── Data shown

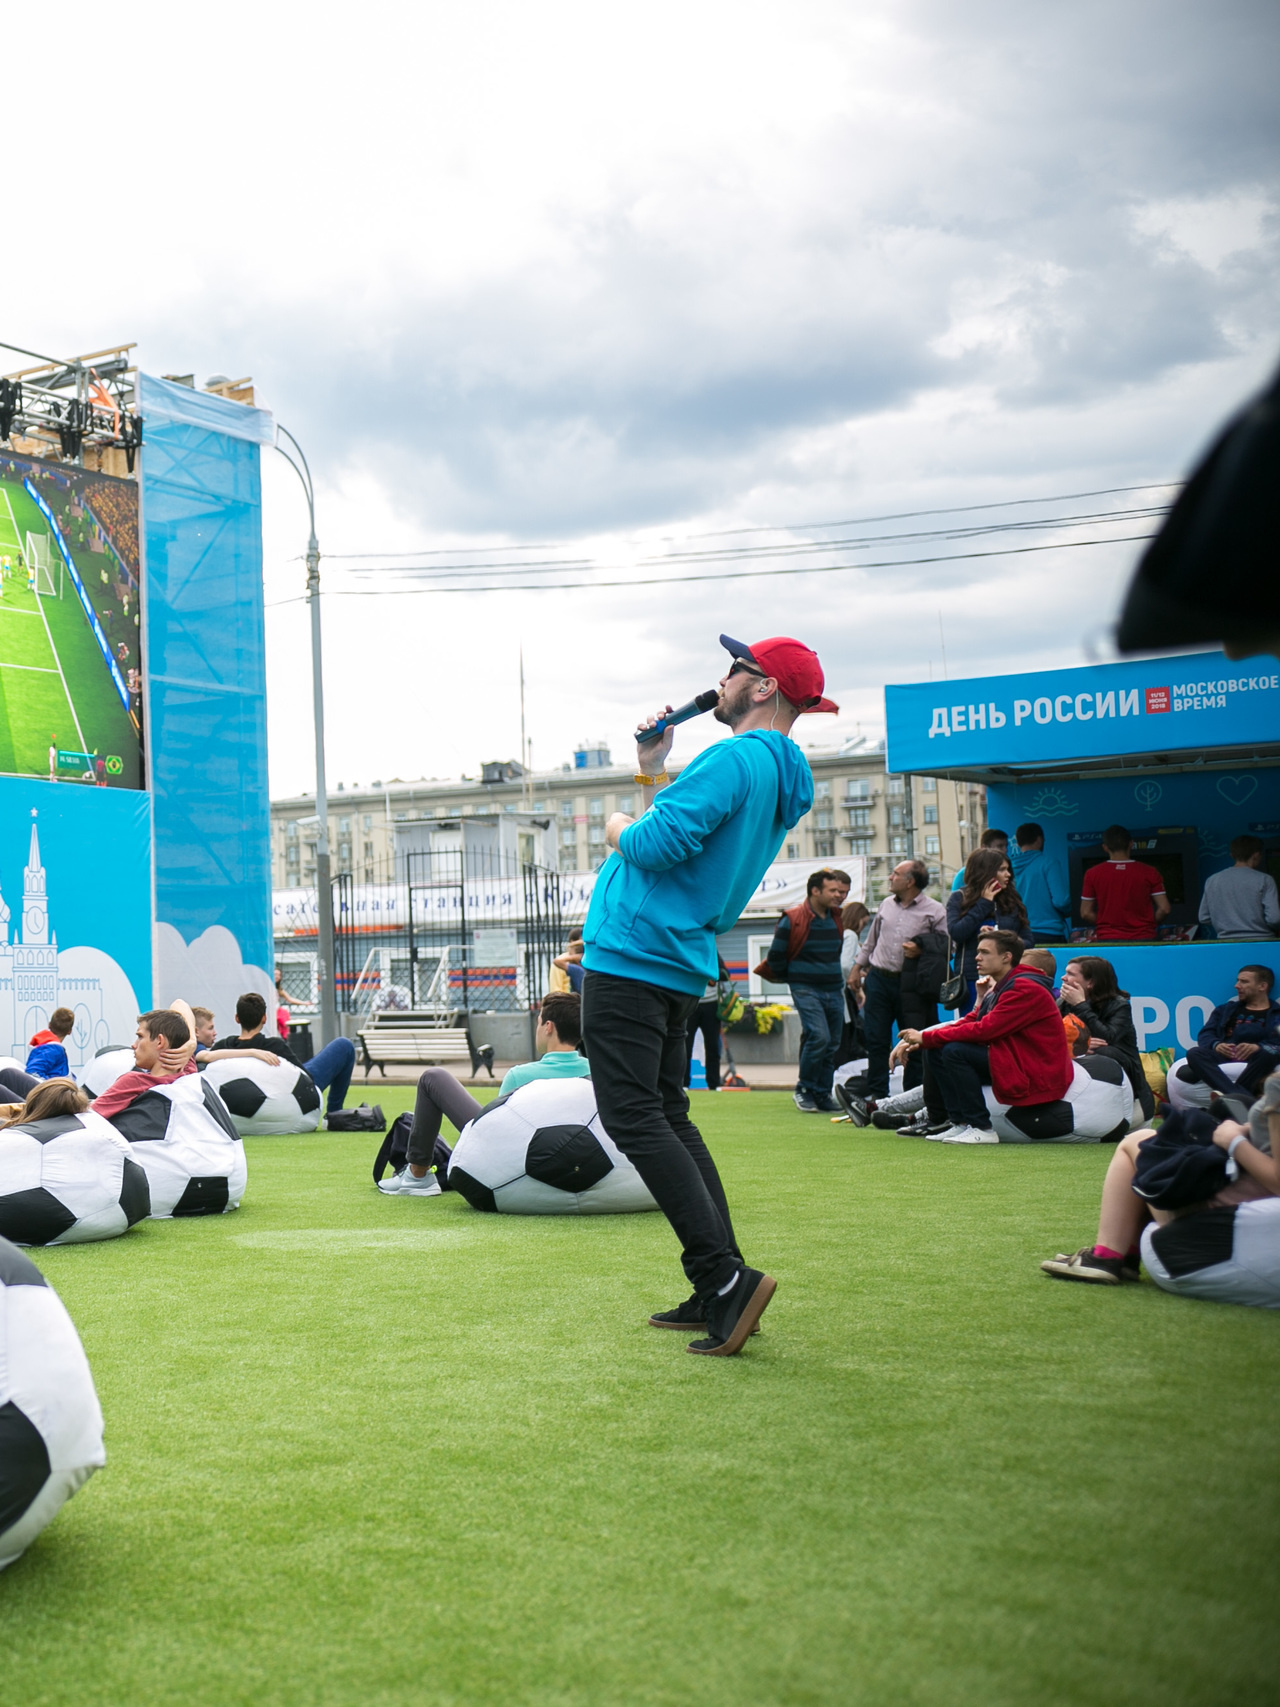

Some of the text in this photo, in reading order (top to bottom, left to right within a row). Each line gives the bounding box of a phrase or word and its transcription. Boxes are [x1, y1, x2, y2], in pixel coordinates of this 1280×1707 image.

[1173, 675, 1280, 697] МОСКОВСКОЕ
[928, 688, 1140, 739] ДЕНЬ РОССИИ
[1173, 695, 1227, 712] ВРЕМЯ
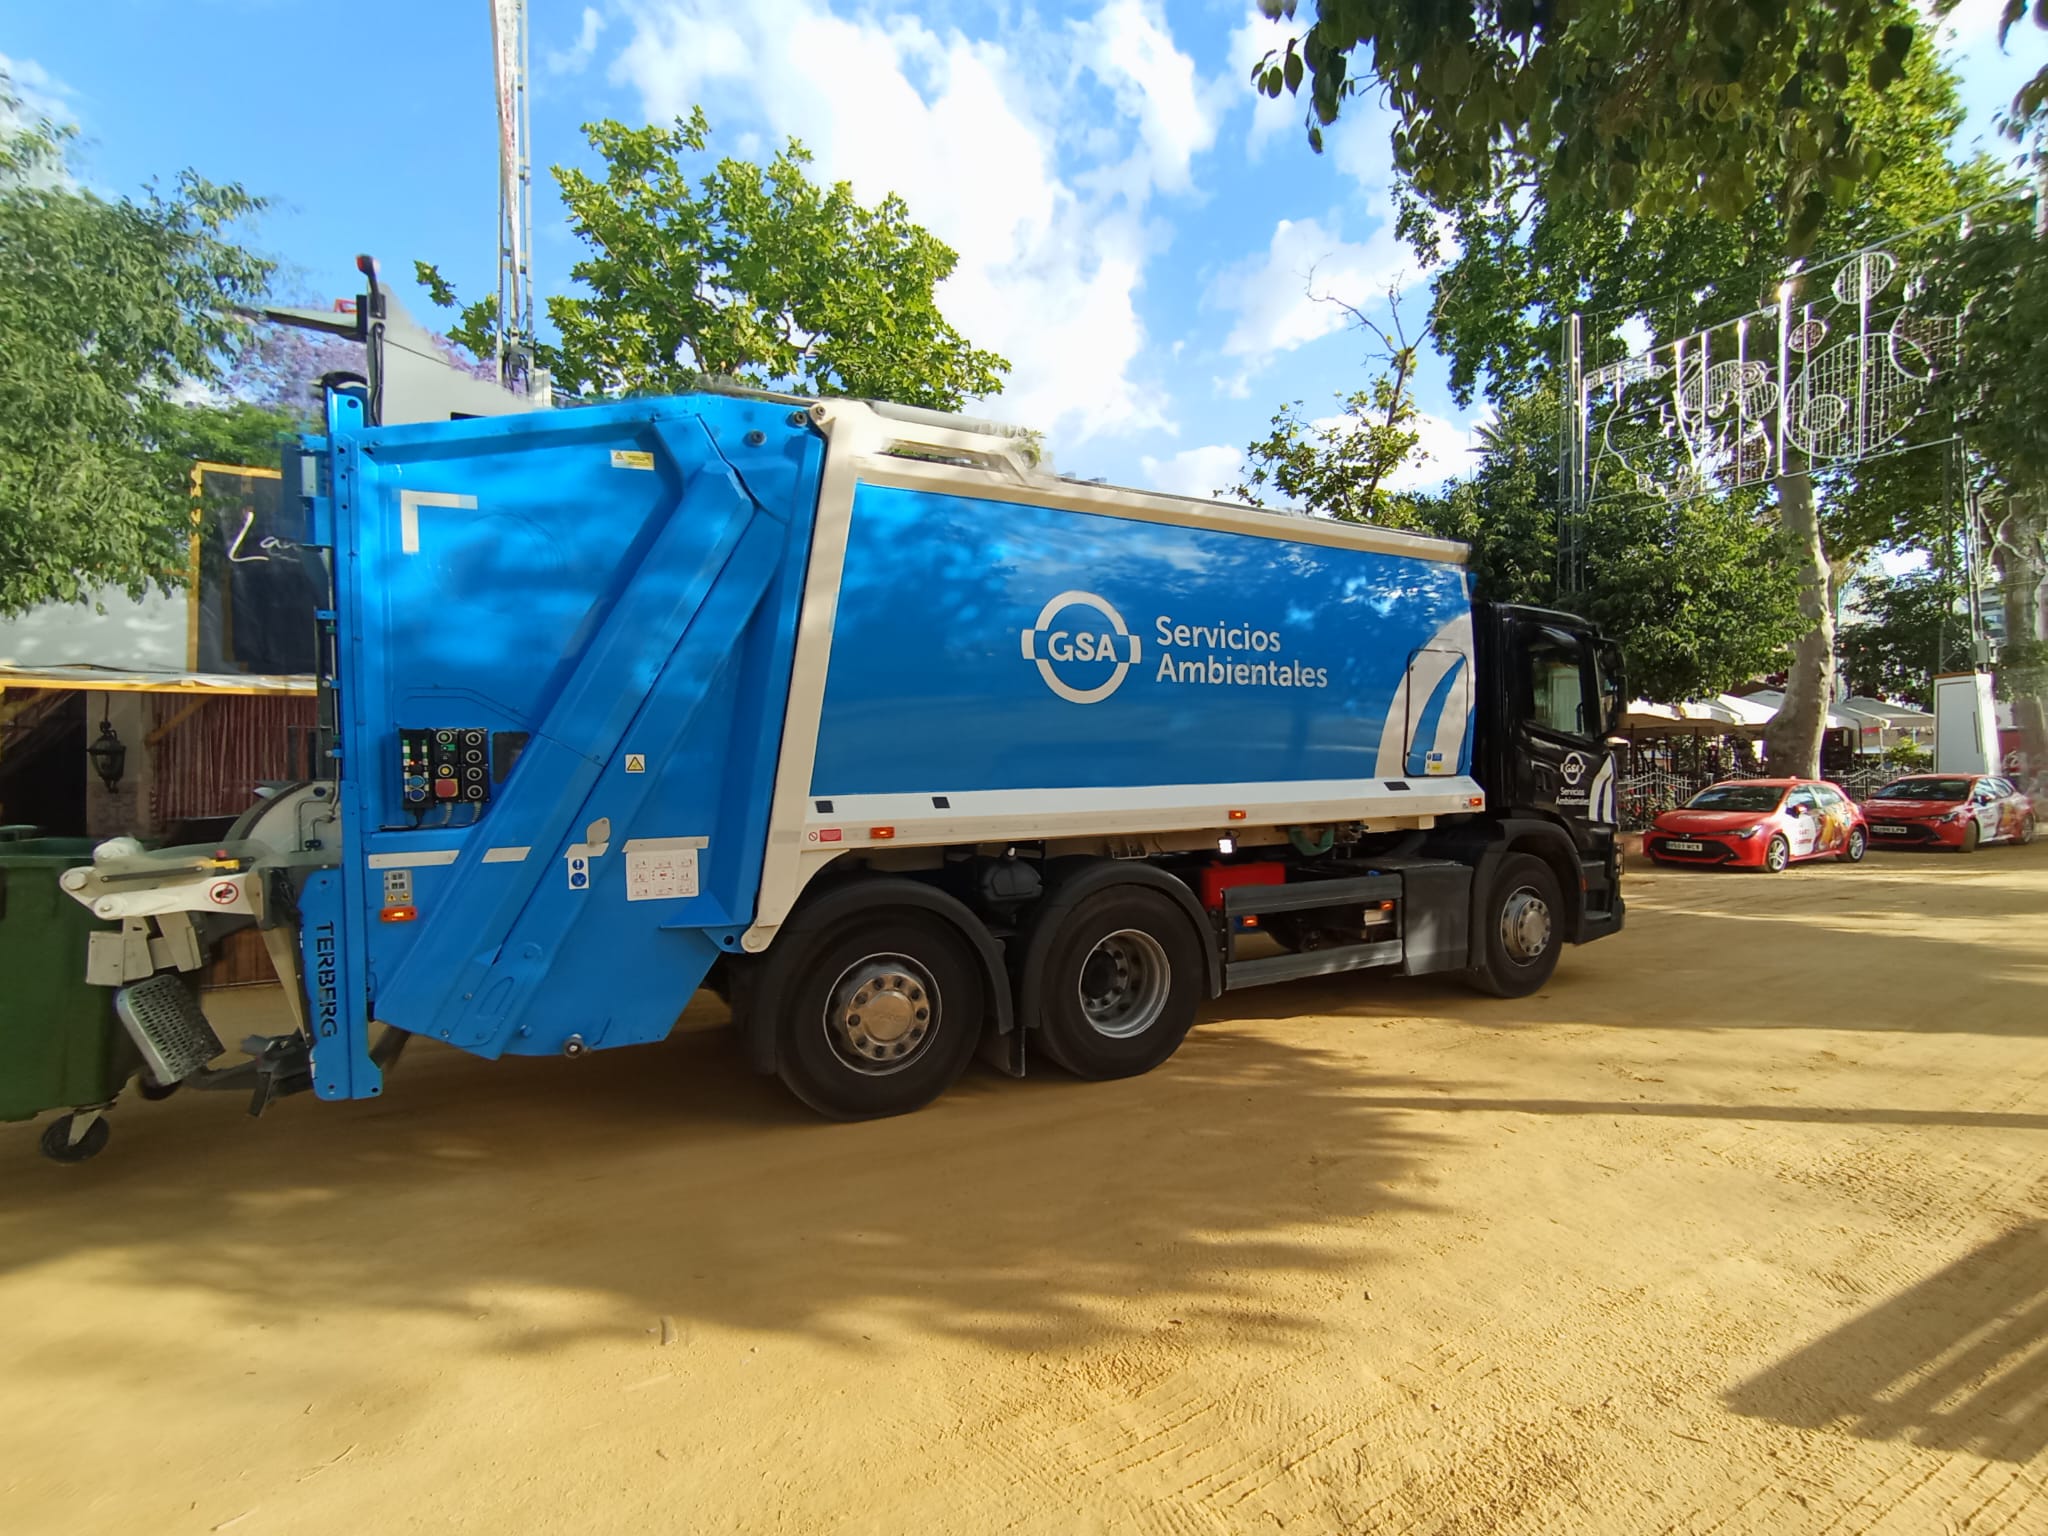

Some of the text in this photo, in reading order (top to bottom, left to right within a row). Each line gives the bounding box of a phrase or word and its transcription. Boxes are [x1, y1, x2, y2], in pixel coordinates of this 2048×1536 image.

────

What you will do » What is needed is a verbatim copy of every entry, with the pictures omitted.

Solution to this exercise »
Some of the text in this photo, in reading order (top to bottom, left to right within a row). Each line gives the bounding box of a phrase or word and its transcription. Boxes are [x1, y1, x2, y2], in pixel coordinates of this 1280×1707 image.

[1173, 675, 1280, 697] МОСКОВСКОЕ
[928, 688, 1140, 739] ДЕНЬ РОССИИ
[1173, 695, 1227, 712] ВРЕМЯ

Some of the text in this photo, in reading order (top to bottom, left to right within a row). Each line gives the bounding box of a phrase or word and its transcription. Boxes are [x1, y1, x2, y2], in pixel coordinates of this 2048×1536 image.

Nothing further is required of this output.